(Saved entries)

============================================================

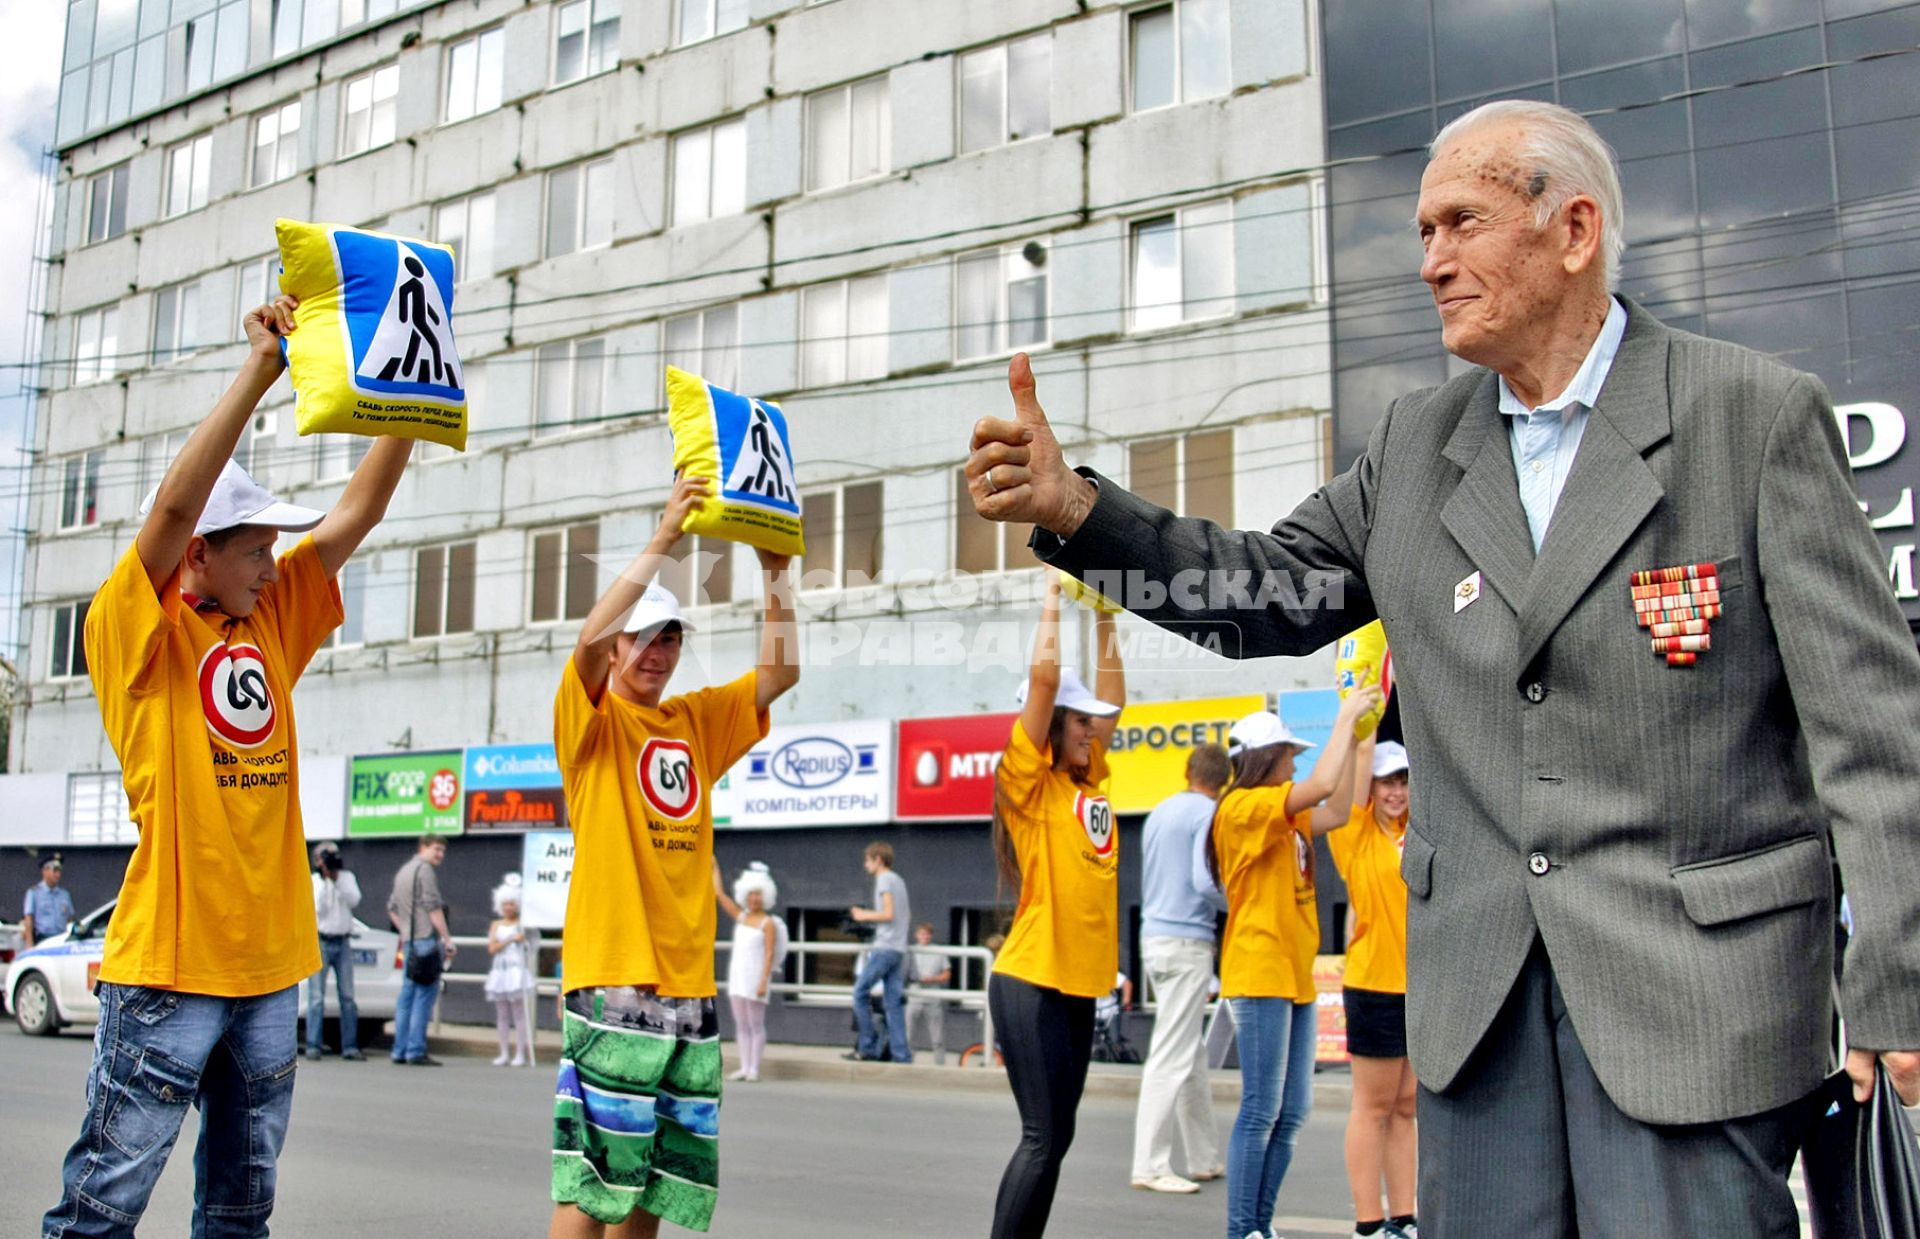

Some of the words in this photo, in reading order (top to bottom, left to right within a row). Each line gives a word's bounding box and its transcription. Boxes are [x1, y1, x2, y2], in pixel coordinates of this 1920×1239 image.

[1110, 720, 1236, 751] ВРОСЕТ
[213, 751, 238, 765] АВЬ
[431, 774, 456, 798] 36
[744, 793, 879, 814] КОМПЬЮТЕРЫ
[648, 820, 667, 832] АВЬ
[1090, 803, 1109, 835] 60
[536, 870, 557, 883] не
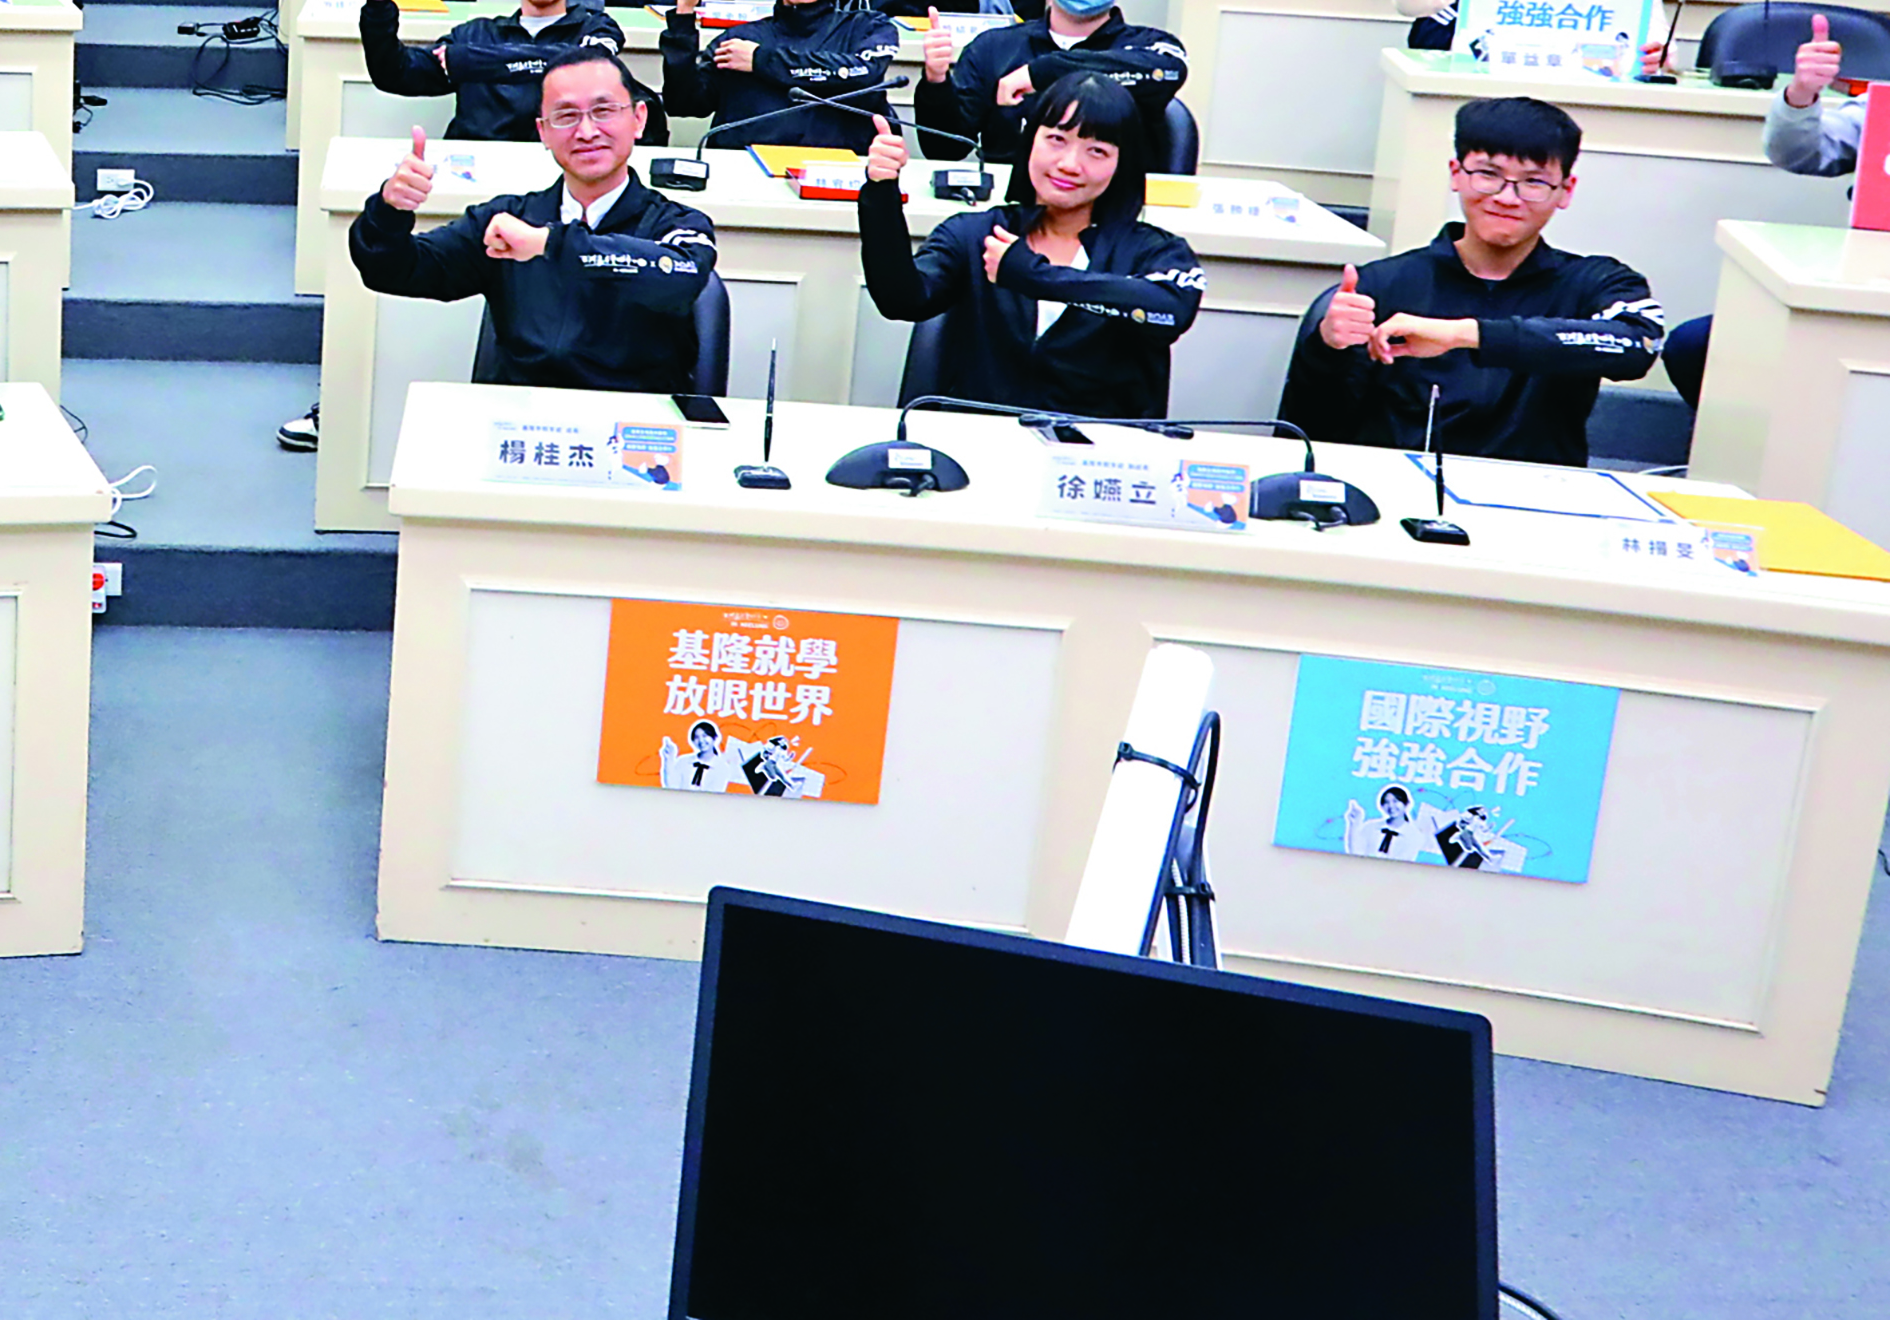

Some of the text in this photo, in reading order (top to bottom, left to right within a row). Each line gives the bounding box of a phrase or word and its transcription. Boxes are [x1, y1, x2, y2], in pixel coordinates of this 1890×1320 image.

[1495, 0, 1615, 32] 強強合作
[498, 439, 595, 468] 楊桂杰
[1057, 474, 1157, 505] 徐嬿立
[667, 628, 839, 680] 基隆就學
[662, 674, 834, 726] 放眼世界
[1359, 688, 1552, 750] 國際視野
[1351, 735, 1544, 797] 強強合作
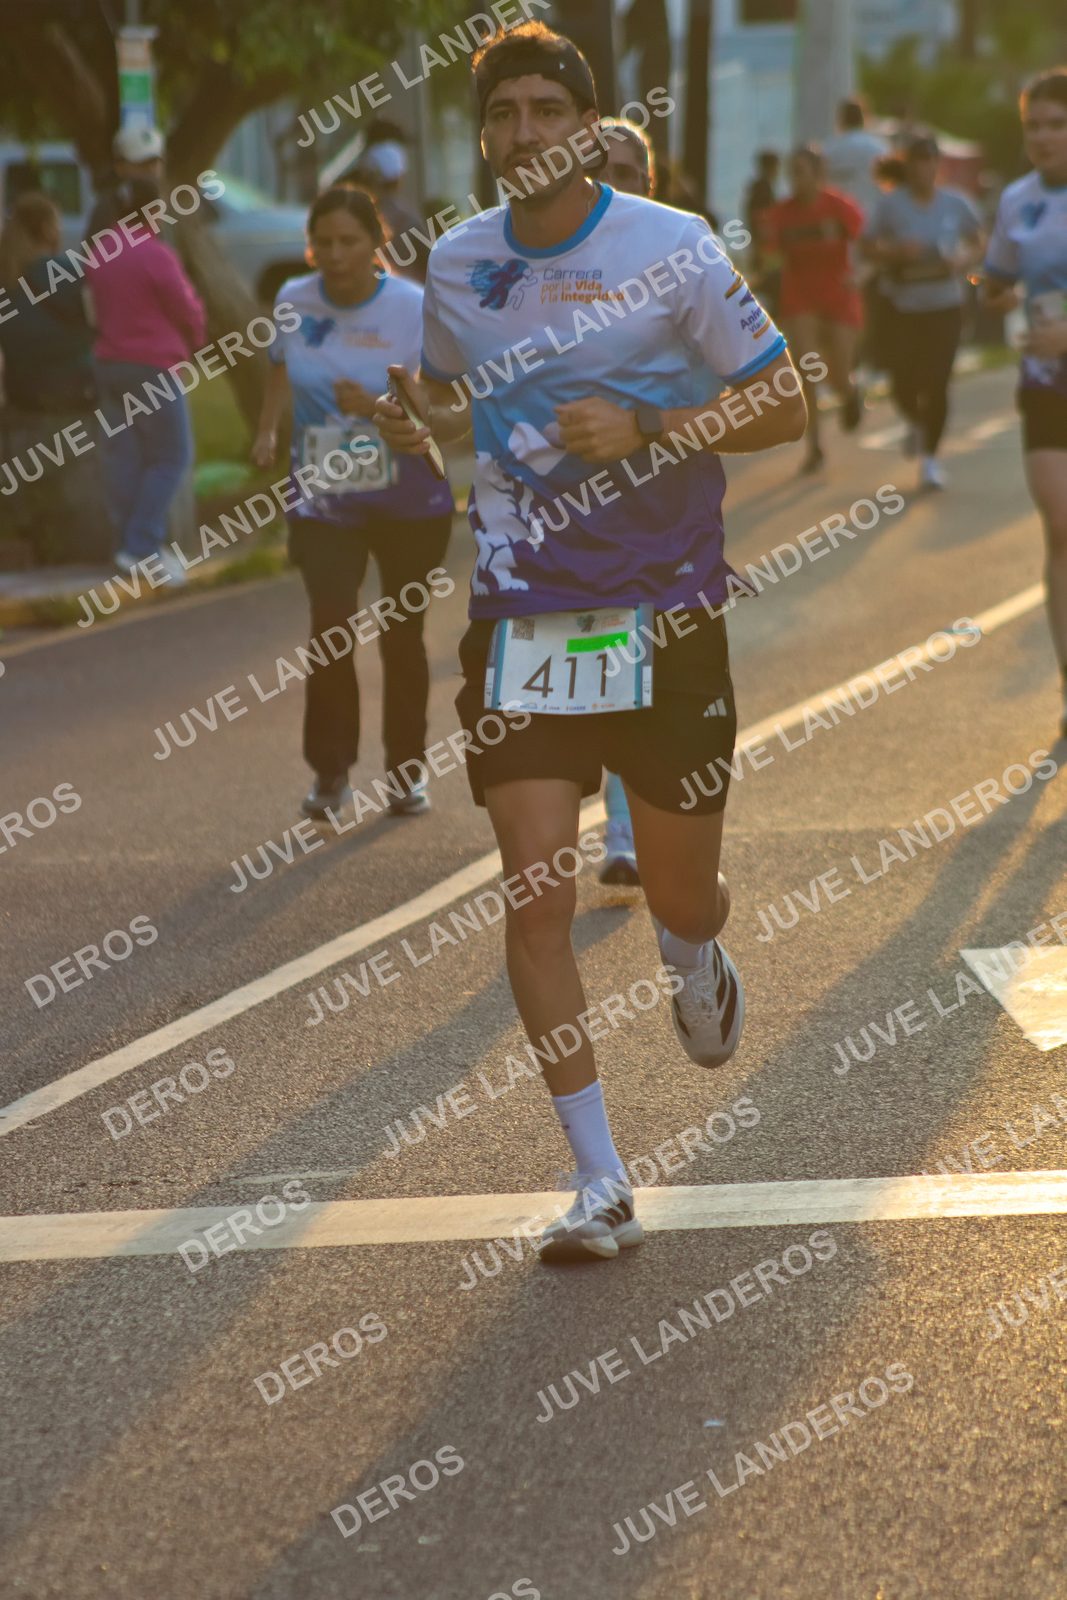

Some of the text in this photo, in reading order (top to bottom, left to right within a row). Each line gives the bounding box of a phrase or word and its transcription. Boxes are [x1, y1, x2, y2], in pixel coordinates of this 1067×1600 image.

[543, 268, 602, 281] Carrera
[575, 280, 602, 291] Vida
[521, 653, 607, 699] 411

============================================================

▶ TASK DIRECTIONS
Repeat the records above exactly. Pictures do not belong in the copy.

▶ EXERCISE ANSWER
Some of the words in this photo, in reading order (top to bottom, left to right within a row). Each line gives a word's bounding box and its transcription. Boxes are [x1, y1, x2, y2], in pixel coordinates of this 1920×1239 image.

[1110, 720, 1236, 751] ВРОСЕТ
[213, 751, 238, 765] АВЬ
[431, 774, 456, 798] 36
[744, 793, 879, 814] КОМПЬЮТЕРЫ
[648, 820, 667, 832] АВЬ
[1090, 803, 1109, 835] 60
[536, 870, 557, 883] не

Some of the text in this photo, in reading order (top to bottom, left to right within a row). Each line gives the bounding box of a phrase or word and its transcription. Boxes are [x1, y1, x2, y2], in pixel coordinates of this 1890×1320 image.

[1495, 0, 1615, 32] 強強合作
[498, 439, 595, 468] 楊桂杰
[1057, 474, 1157, 505] 徐嬿立
[667, 628, 839, 680] 基隆就學
[662, 674, 834, 726] 放眼世界
[1359, 688, 1552, 750] 國際視野
[1351, 735, 1544, 797] 強強合作

Some of the text in this photo, in reading order (top to bottom, left to right within a row). Each line gives the bounding box of a phrase or word and its transcription. Boxes are [x1, y1, x2, y2], in pixel coordinates of this 1067×1600 image.

[543, 268, 602, 281] Carrera
[575, 280, 602, 291] Vida
[521, 653, 607, 699] 411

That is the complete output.